I’m Happy for Rob Ford in His Time of Need

 

 

Benign or malignant? It’s impossible to know just yet. Perhaps it’s best to focus on the blessings of the present moment. Here are several unconflicted ways in which I can be happy for Rob Ford.

I’m really happy for Rob Ford that we live in a city and country with socialized medicine. With no apparent privilege given to his personal wealth and influence, he could journey from a nutritious breakfast to the emergency room to a CT scan to an ambulance to an elite care facility to receive an MRI and biopsy in a matter of hours, without having to worry about how he or his family will pay for it. I’m also relieved that if cancer patients of lesser means somehow got the impression he was jumping the queue, their general belief in Canadian fairness would soothe their concern.

I’m happy that Rob Ford has been cared for by well-trained physicians and support staff at Humber River Regional and Mount Sinai hospitals, some of whom are gay and/or people of colour and/or have real Jamaican accents. I imagine the nurses – many from parts of the world where there are few social services to speak of – are so friendly, they’ll let chums like Don Cherry show up after visiting hours with a double-double and the gift of a flashy tie.

I’m happy that Rob Ford got to spend time in emergency with alcoholics, drug addicts, people with HIV, homeless people who couldn’t find a bed in our shelter system, librarians, elites and other minorities, people who have been hit by cars while riding their bikes, victims of construction accidents, food poisoning and domestic violence. It can feel so reassuring to know you are part of a society in which everyone, no matter what their health, economic, or ethical challenges may be, is cared for with equal attention to evidence, transparency, and established protocol.

I’m glad for Rob Ford that some city councilors are working to improve public transit access to hospitals so that lower-wage employees can get to work more easily to serve people like him. I’m glad for Ford that some councilors are advocating for more bike lanes, to help those who cycle to work at the hospitals remain safe from the ominous SUVs that are sometimes driven by people who are drinking vodka straight from the bottle and making obscene gestures.

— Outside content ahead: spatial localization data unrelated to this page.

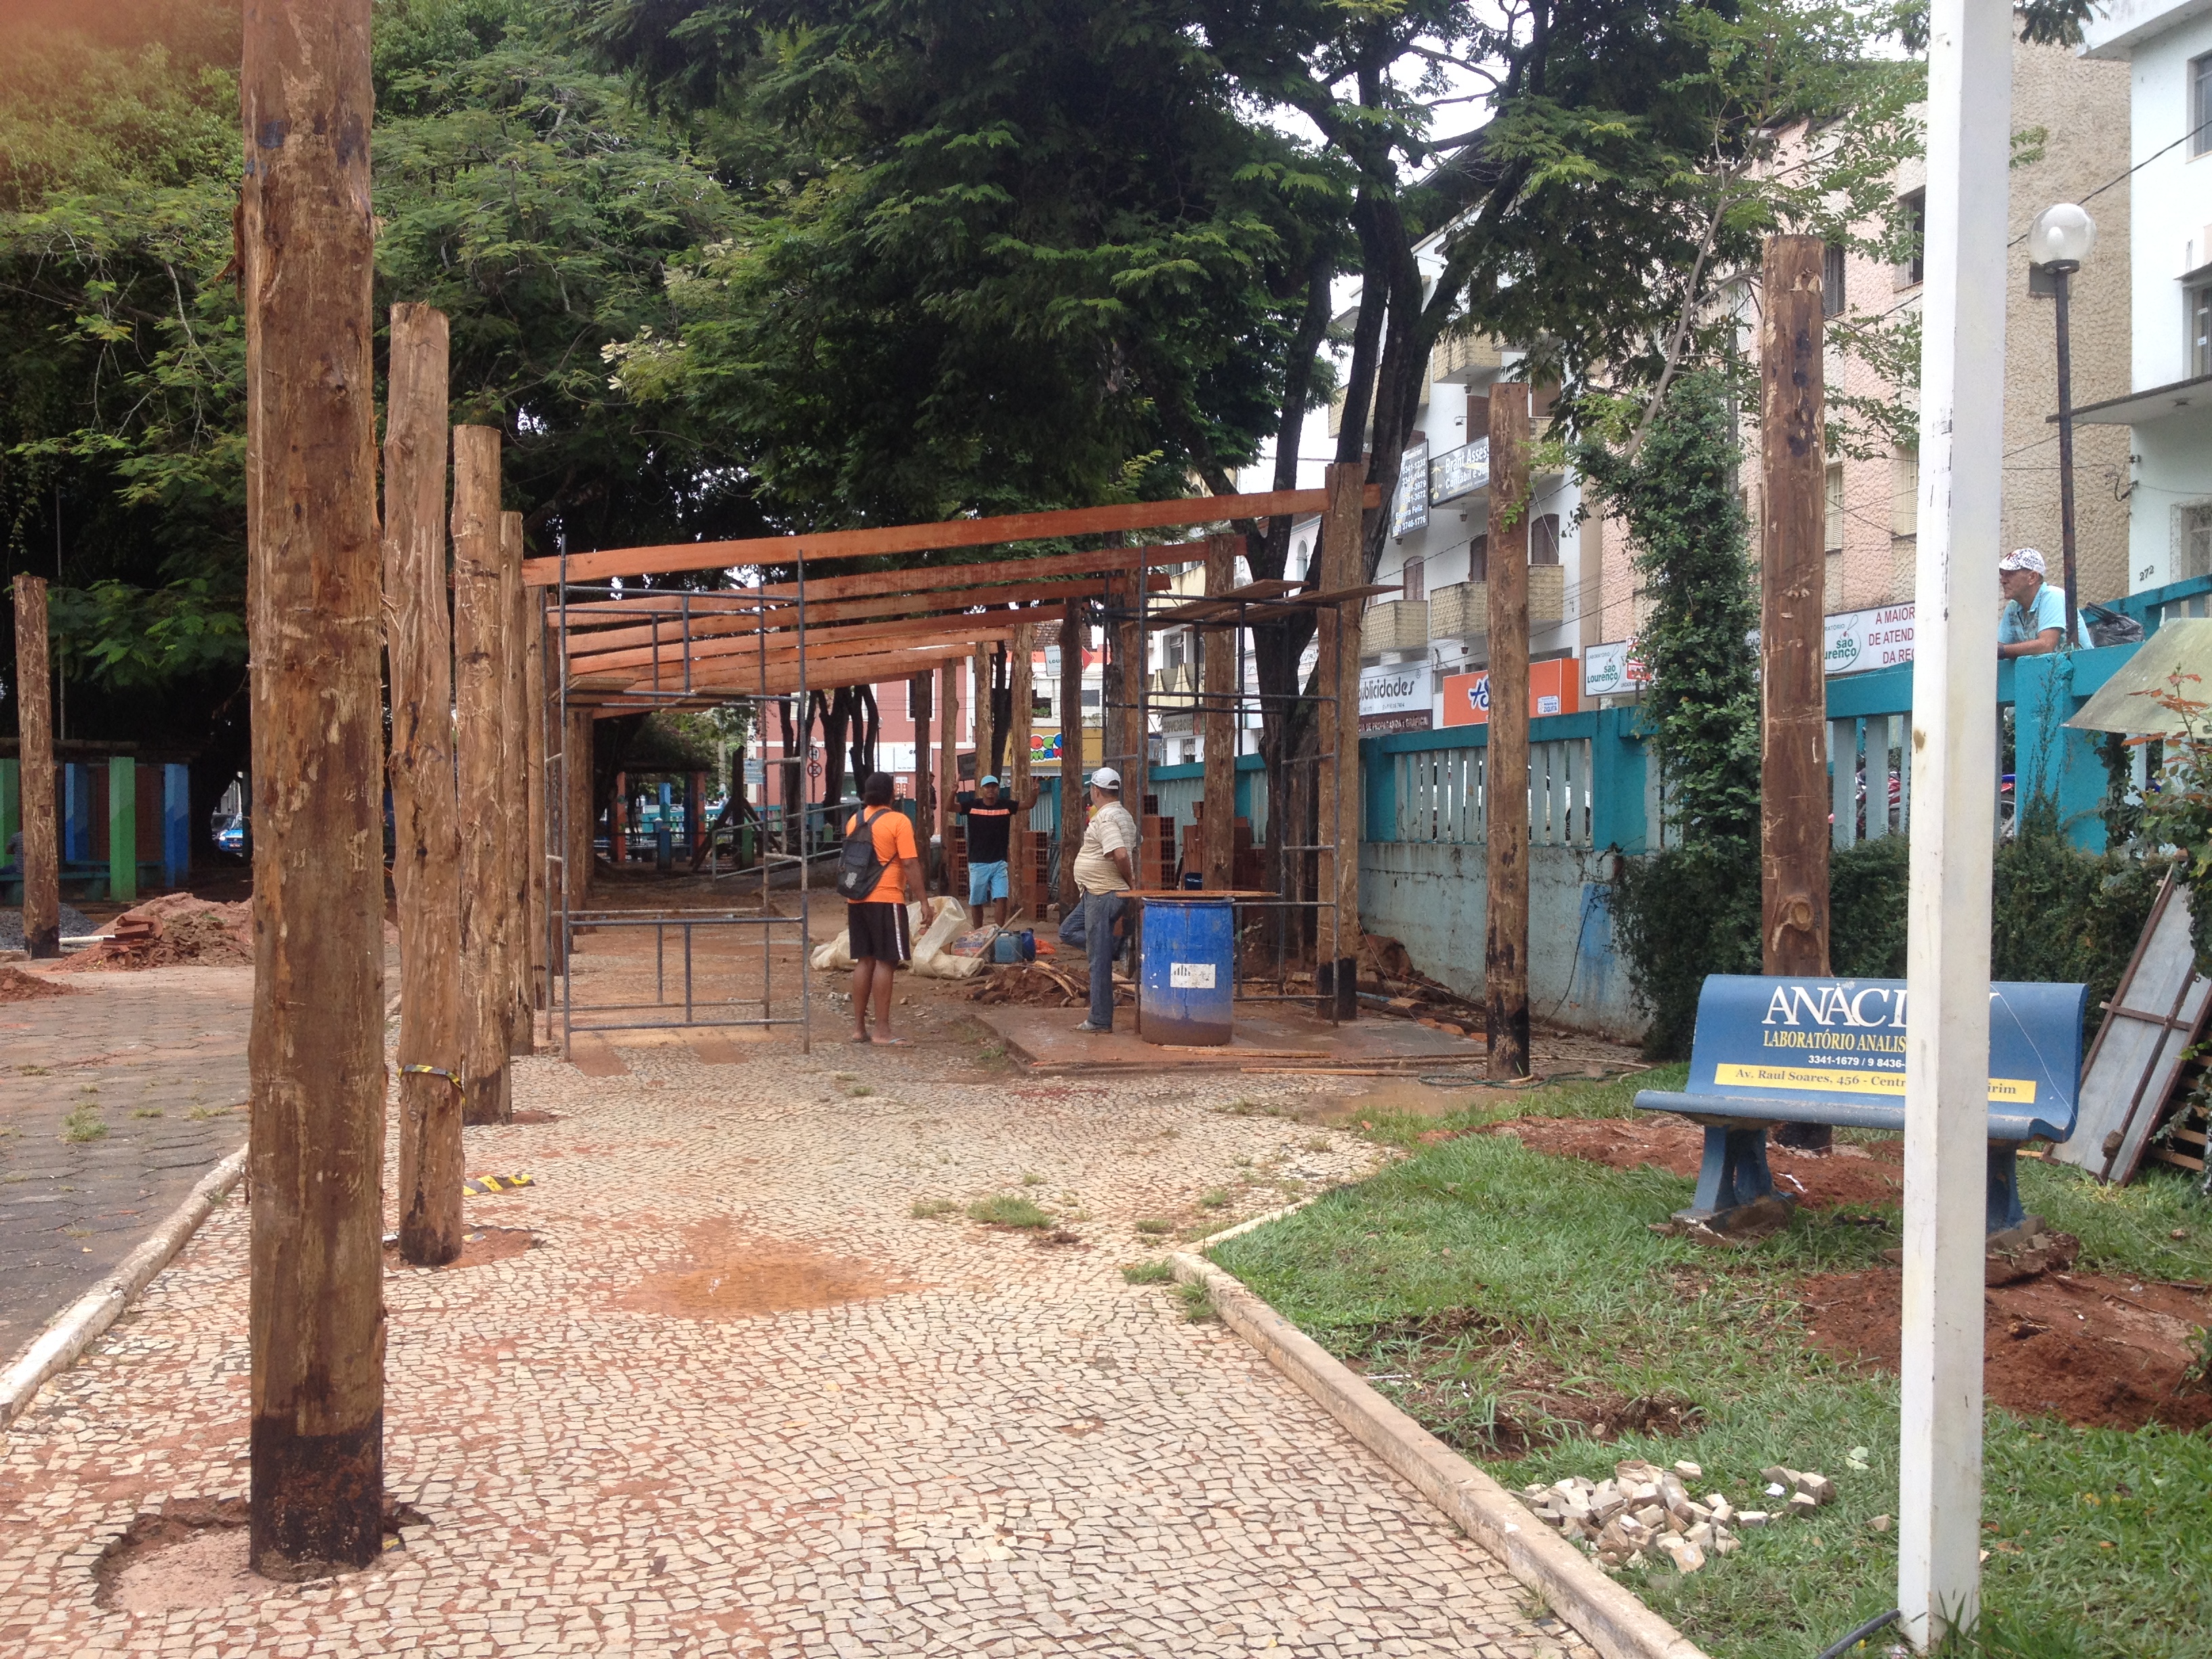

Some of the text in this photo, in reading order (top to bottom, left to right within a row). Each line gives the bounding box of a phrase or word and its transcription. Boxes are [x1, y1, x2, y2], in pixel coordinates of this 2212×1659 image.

[1446, 451, 1465, 474] Brant
[1446, 469, 1471, 489] Contábil
[1473, 470, 1477, 478] e
[1875, 607, 1915, 625] A MAIOR
[1868, 628, 1914, 647] DE ATEND
[1824, 647, 1857, 660] urenço
[1883, 651, 1896, 664] DA
[1763, 1029, 1906, 1052] LABORATÓRIO ANALIS
[1808, 1055, 1859, 1066] 3341-1679
[1877, 1058, 1906, 1067] 8436-
[1736, 1069, 1754, 1078] Av.
[1758, 1069, 1785, 1080] Raul
[1837, 1075, 1860, 1086] 456
[1870, 1076, 1906, 1088] Centr

I’m really glad that if Renata Ford and the children were to be economically ruined by Rob Ford’s illness or death, many city councilors are fighting for more support and shelter services for the vulnerable and for abuse survivors, instead of brokering purely financial deals with condo developers, nightclub owners, and Jon Bon Jovi.

I’m really happy for Rob Ford that if he dies or remains incapacitated, and his children, for some reason, some day, need the help of a “hug-a-thug” programme, many councilors will have stood up for more programming for at-risk youth.

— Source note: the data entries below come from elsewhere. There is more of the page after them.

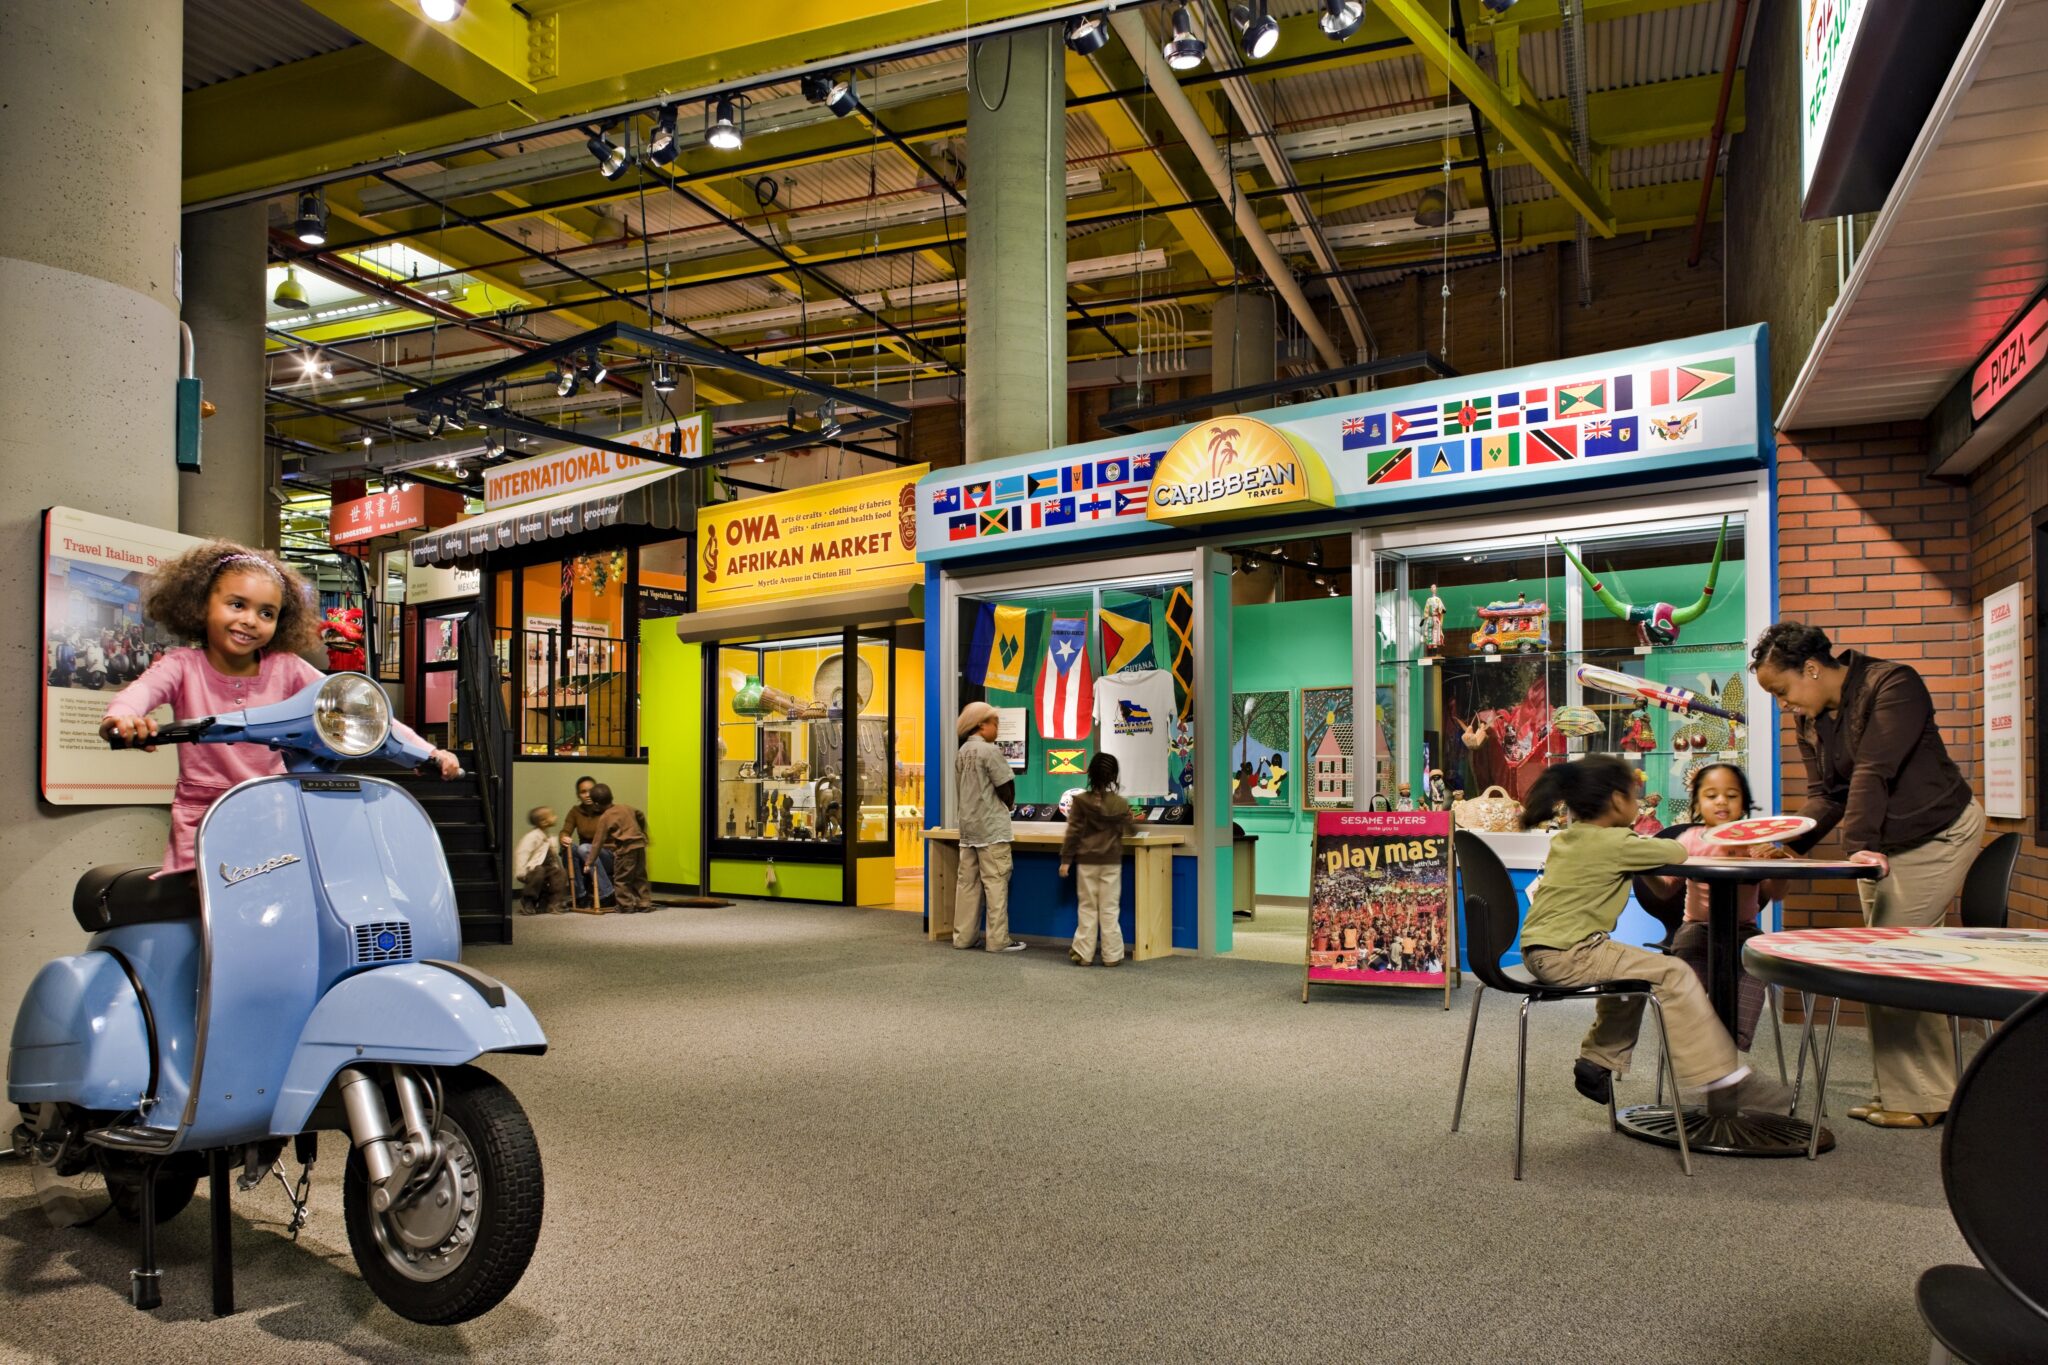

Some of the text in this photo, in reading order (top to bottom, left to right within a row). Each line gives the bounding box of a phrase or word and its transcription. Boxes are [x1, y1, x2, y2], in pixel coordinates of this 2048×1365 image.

[1810, 0, 1851, 137] RESTAU
[1991, 332, 2026, 396] PIZZA
[488, 451, 610, 502] INTERNATIONAL
[1154, 463, 1296, 506] CARIBBEAN
[1248, 487, 1283, 499] TRAVEL
[349, 494, 400, 523] 世界書局
[781, 515, 794, 524] arts
[802, 510, 822, 521] crafts
[829, 503, 858, 517] clothing
[859, 502, 866, 511] &
[866, 499, 892, 510] fabrics
[413, 503, 619, 556] produce dairy meats fish frozen bread groceries
[726, 514, 780, 546] OWA
[789, 510, 892, 535] gifts african and health food
[63, 538, 101, 557] Travel
[105, 546, 143, 565] Italian
[727, 531, 893, 576] AFRIKAN MARKET
[453, 567, 480, 581] PAN
[457, 580, 480, 593] MEXICA
[757, 568, 852, 587] Myrtle Avenue in Clinton Hill
[1991, 603, 2011, 621] PIZZA
[1124, 660, 1154, 672] GUYANA
[1991, 715, 2012, 728] SLICES
[1340, 816, 1426, 825] SESAME FLYERS

I’m really glad that Ford will, with no service-fee cost to him, be offered pain relief for his lower-left-quadrant abdominal mass and the therapies that will be used to treat it. The drugs he will be given may be similar to medications offered for free at drug treatment centres, which despite many strange objections have proven indispensible in relieving the chronic physical and emotional pain that addicts so often have to live with.

I’m glad for Rob Ford that he presides over a city so generous and kind-hearted that atheists stand shoulder to shoulder with agnostics and the faithful and nod solemnly as the Chinese-Canadian mayoral candidate whose parents “worked like dogs” offers prayers for his health and well-being.

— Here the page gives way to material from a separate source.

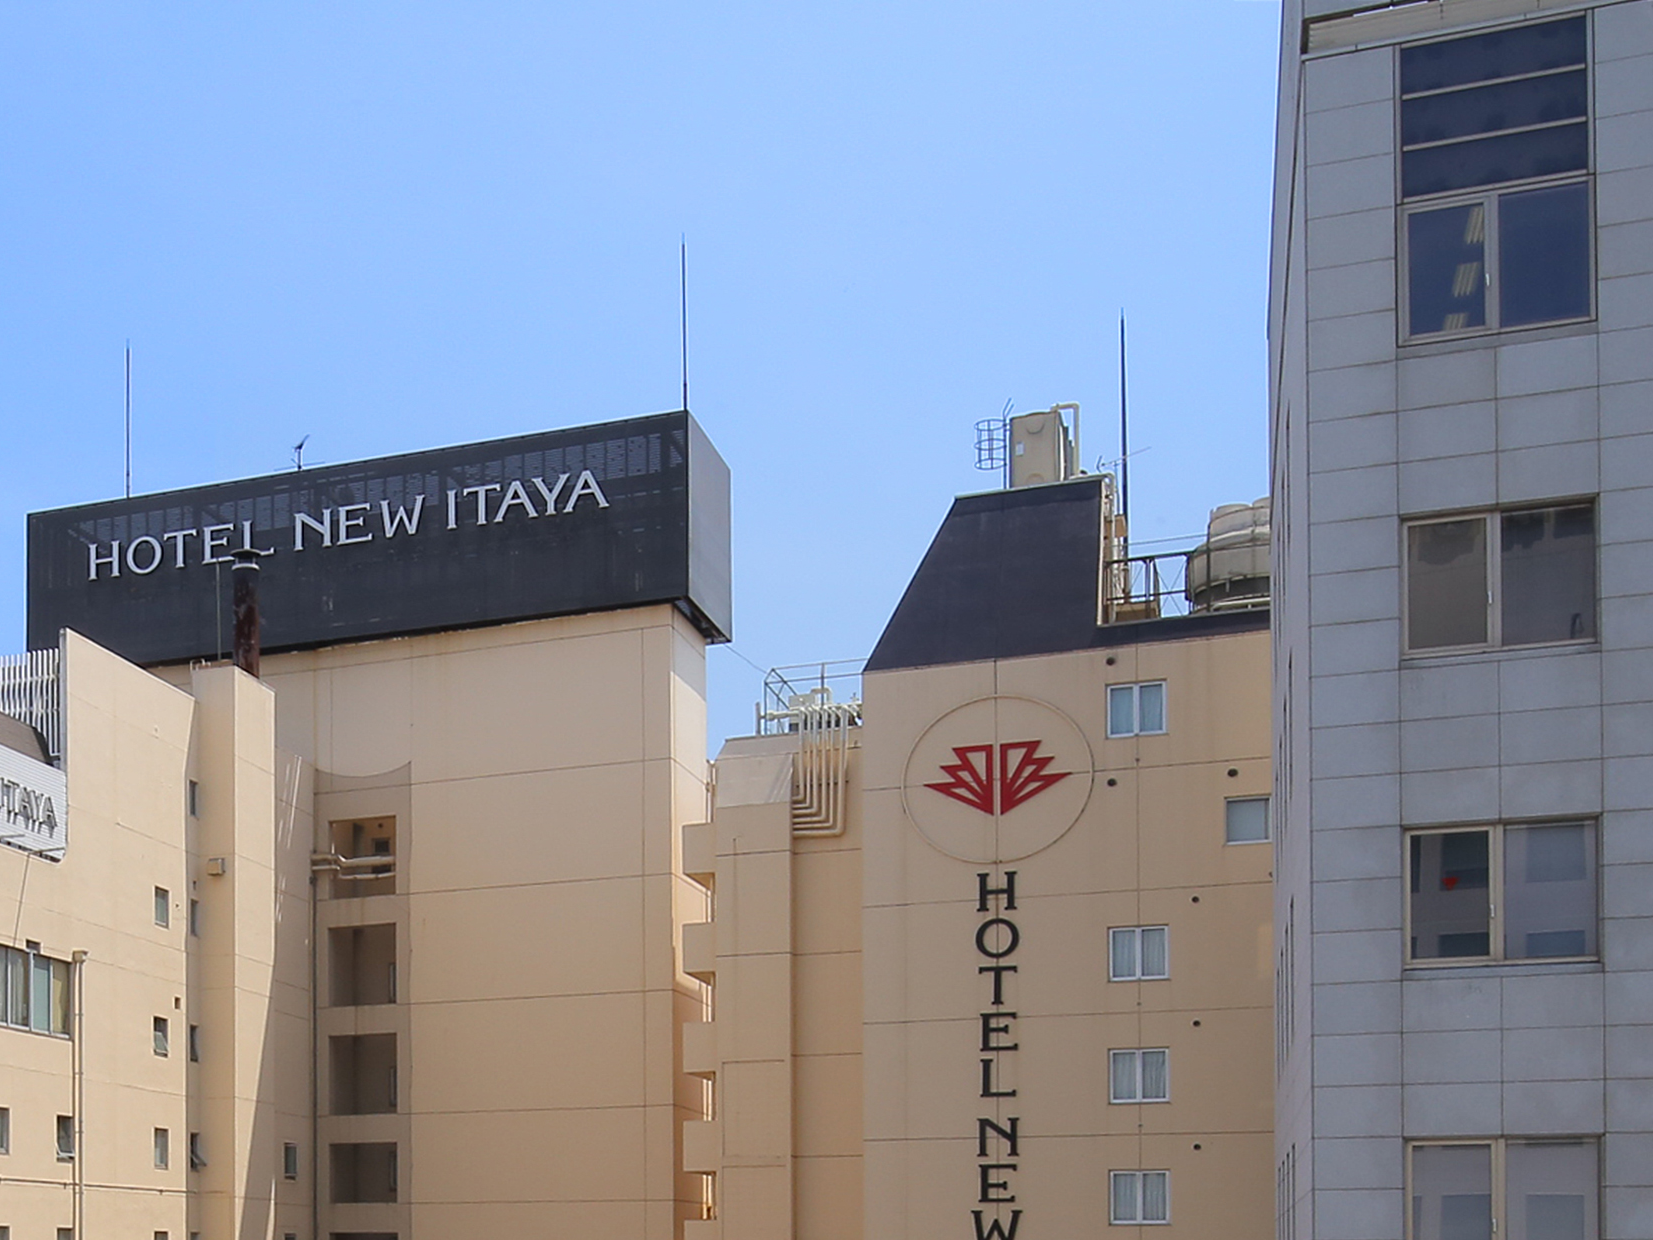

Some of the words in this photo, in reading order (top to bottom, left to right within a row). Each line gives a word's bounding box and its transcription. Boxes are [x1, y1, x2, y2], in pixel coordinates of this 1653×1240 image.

[87, 520, 275, 581] HOTEL
[292, 494, 425, 551] NEW
[446, 468, 610, 531] ITAYA
[975, 870, 1020, 1098] HOTEL

I’m glad that Rob Ford has his loving brothers, especially Doug, who will not only carry his torch on the campaign trail, but advise him on how best to perform the part-time job of serving Etobicoke’s Ward 2 from his hospital bed. I’m glad that they’ll be happy to save the city yet more money by repurposing lawn signs and buttons and click-dragging copy from one website to another. I’m happy for Rob that, win or lose, family will always come first for the Fords, sustained by the passion for free markets. Doug will accept the mayoral baton from Rob, or not, with sympathetic eye-contact and an avuncular handshake. In sickness or in wealth (or both or neither), they will march with pride, arm in arm down union-paved roads in the annual Jesus in the City parade.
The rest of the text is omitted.